§ Work required
A faithful copy is required. Print each line of the data exactly and omit the pictures.

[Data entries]

▼

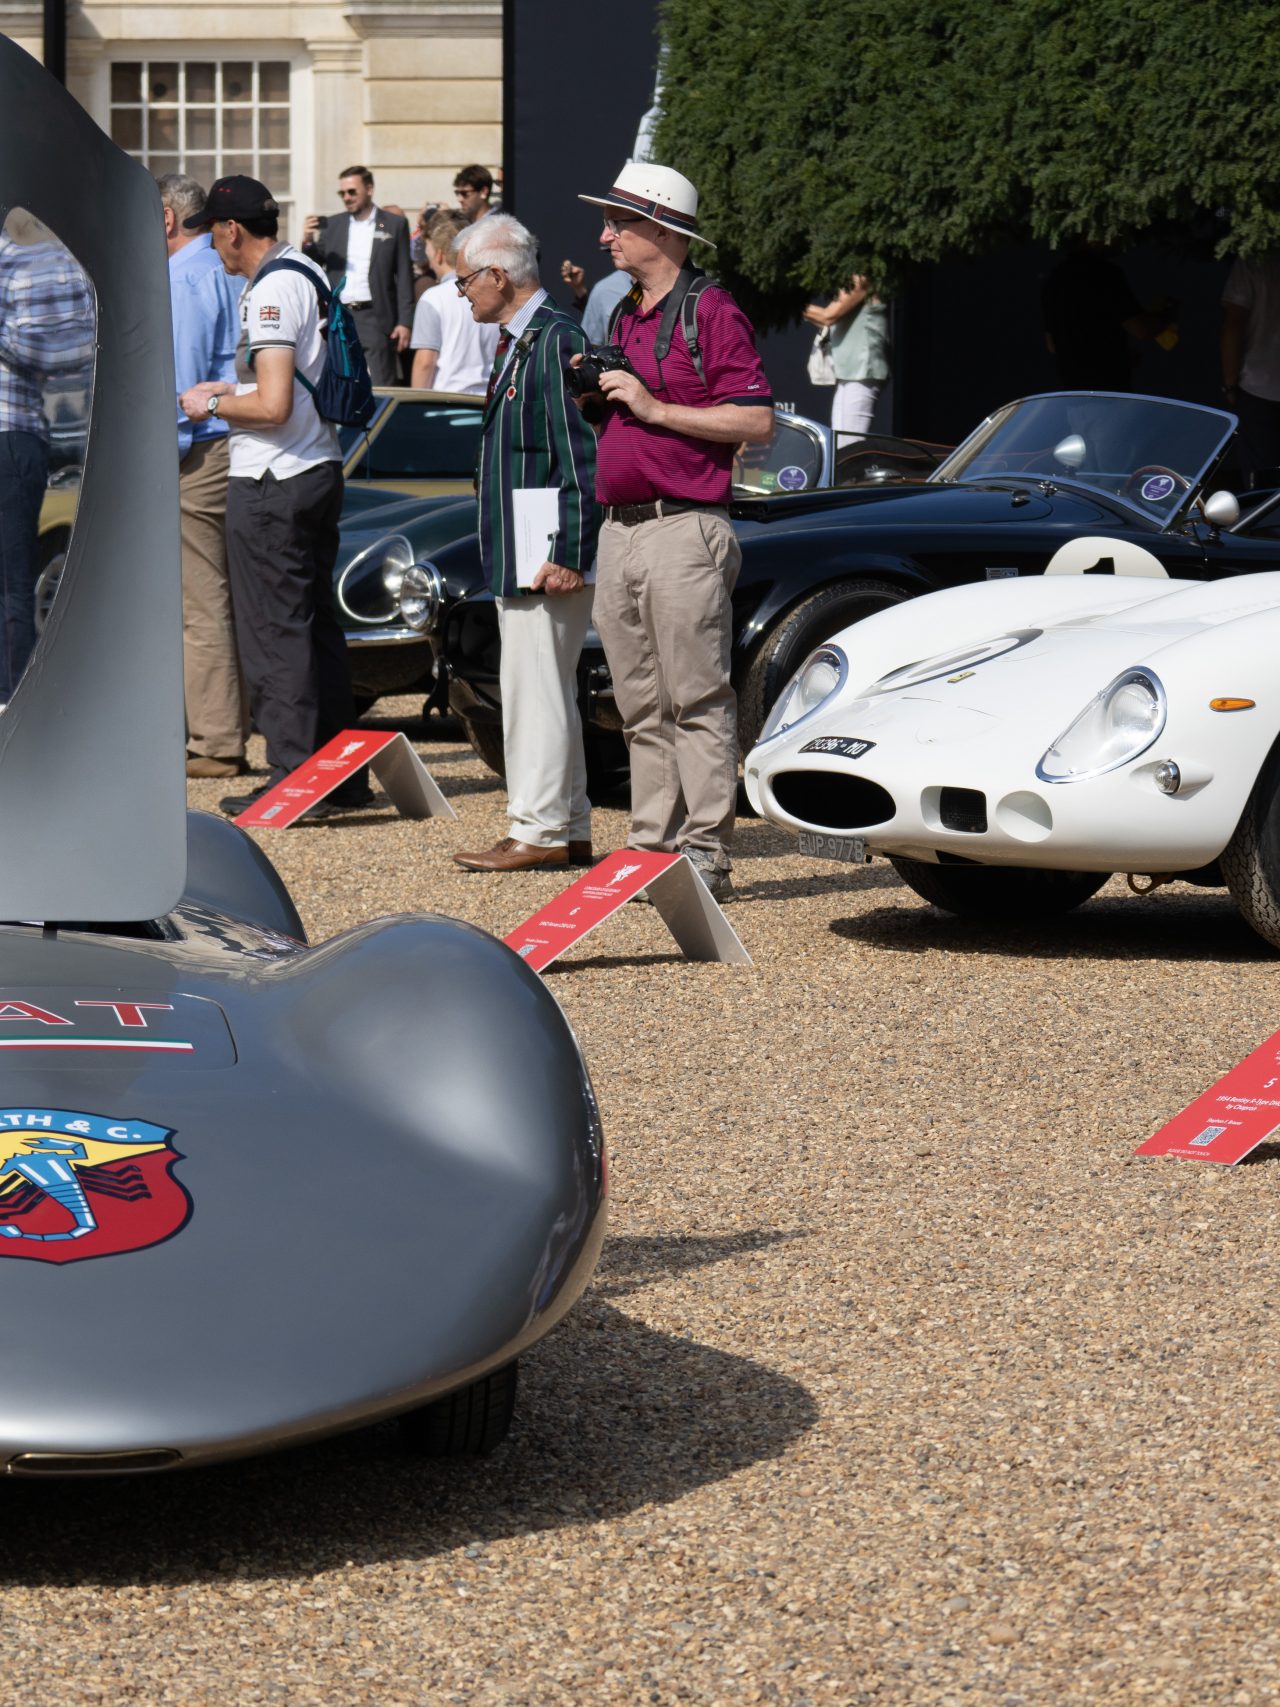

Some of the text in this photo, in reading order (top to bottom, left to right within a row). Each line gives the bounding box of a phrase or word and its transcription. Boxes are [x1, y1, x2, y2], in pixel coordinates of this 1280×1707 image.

[800, 833, 865, 862] EUP 977B
[569, 906, 581, 916] 6
[1263, 1078, 1278, 1088] 5
[64, 1121, 92, 1134] &
[106, 1127, 142, 1139] C.
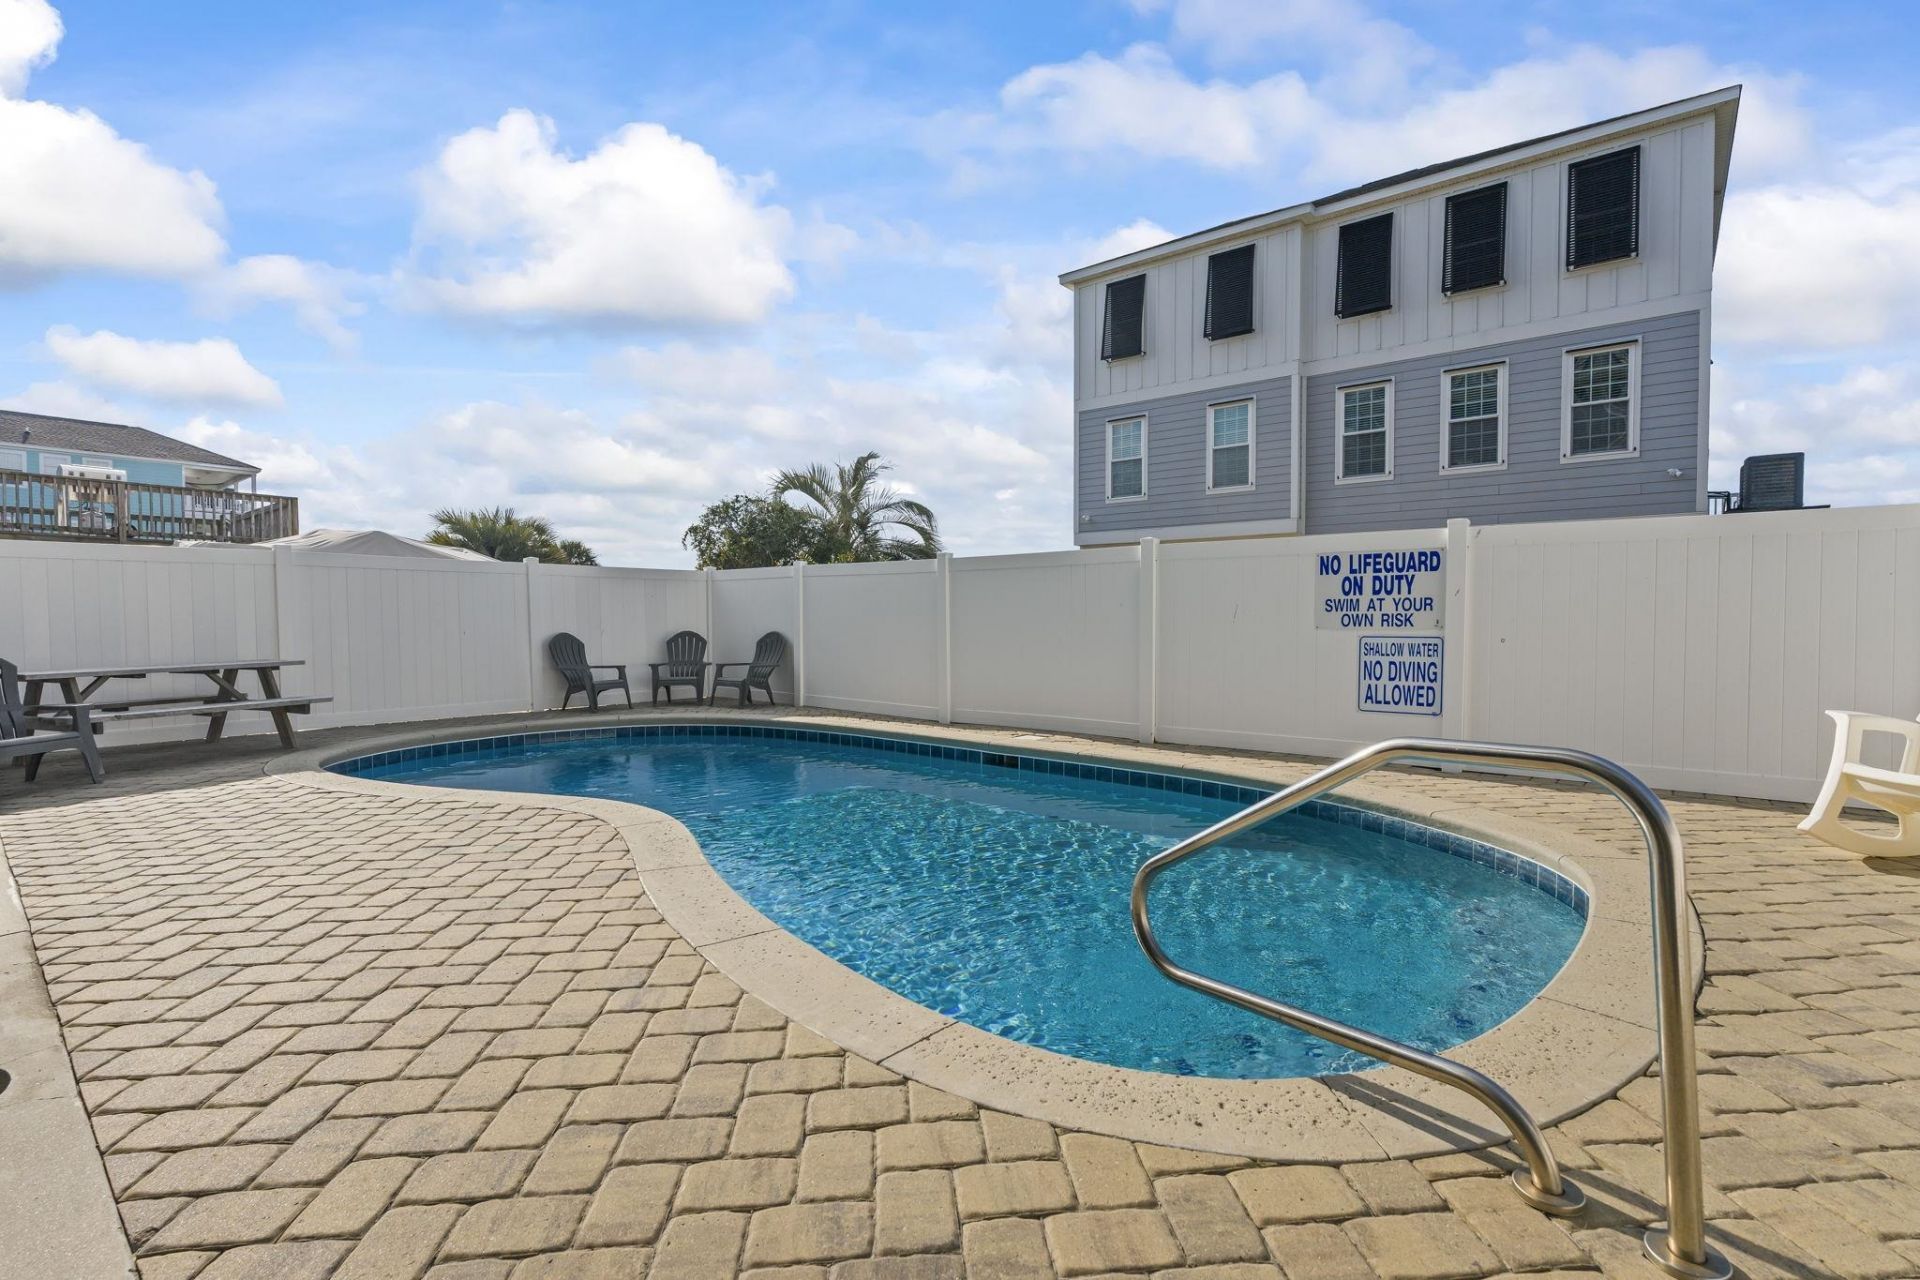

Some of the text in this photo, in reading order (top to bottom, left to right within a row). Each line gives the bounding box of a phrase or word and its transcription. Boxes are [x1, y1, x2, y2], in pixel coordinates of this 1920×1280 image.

[1319, 551, 1441, 575] NO LIFEGUARD
[1341, 574, 1415, 596] ON DUTY
[1325, 597, 1433, 612] SWIM AT YOUR
[1341, 613, 1414, 627] OWN RISK
[1363, 642, 1439, 657] SHALLOW WATER
[1363, 660, 1438, 683] NO DIVING
[1364, 683, 1436, 707] ALLOWED

▲

§ Worked solution
Some of the text in this photo, in reading order (top to bottom, left to right within a row). Each line gives the bounding box of a phrase or word and its transcription. Boxes are [x1, y1, x2, y2], in pixel coordinates of this 1280×1707 image.

[800, 833, 865, 862] EUP 977B
[569, 906, 581, 916] 6
[1263, 1078, 1278, 1088] 5
[64, 1121, 92, 1134] &
[106, 1127, 142, 1139] C.

Some of the text in this photo, in reading order (top to bottom, left to right within a row). Each line gives the bounding box of a phrase or word and its transcription. Boxes are [x1, y1, x2, y2], in pixel coordinates of this 1920×1280 image.

[1319, 551, 1441, 575] NO LIFEGUARD
[1341, 574, 1415, 596] ON DUTY
[1325, 597, 1433, 612] SWIM AT YOUR
[1341, 613, 1414, 627] OWN RISK
[1363, 642, 1439, 657] SHALLOW WATER
[1363, 660, 1438, 683] NO DIVING
[1364, 683, 1436, 707] ALLOWED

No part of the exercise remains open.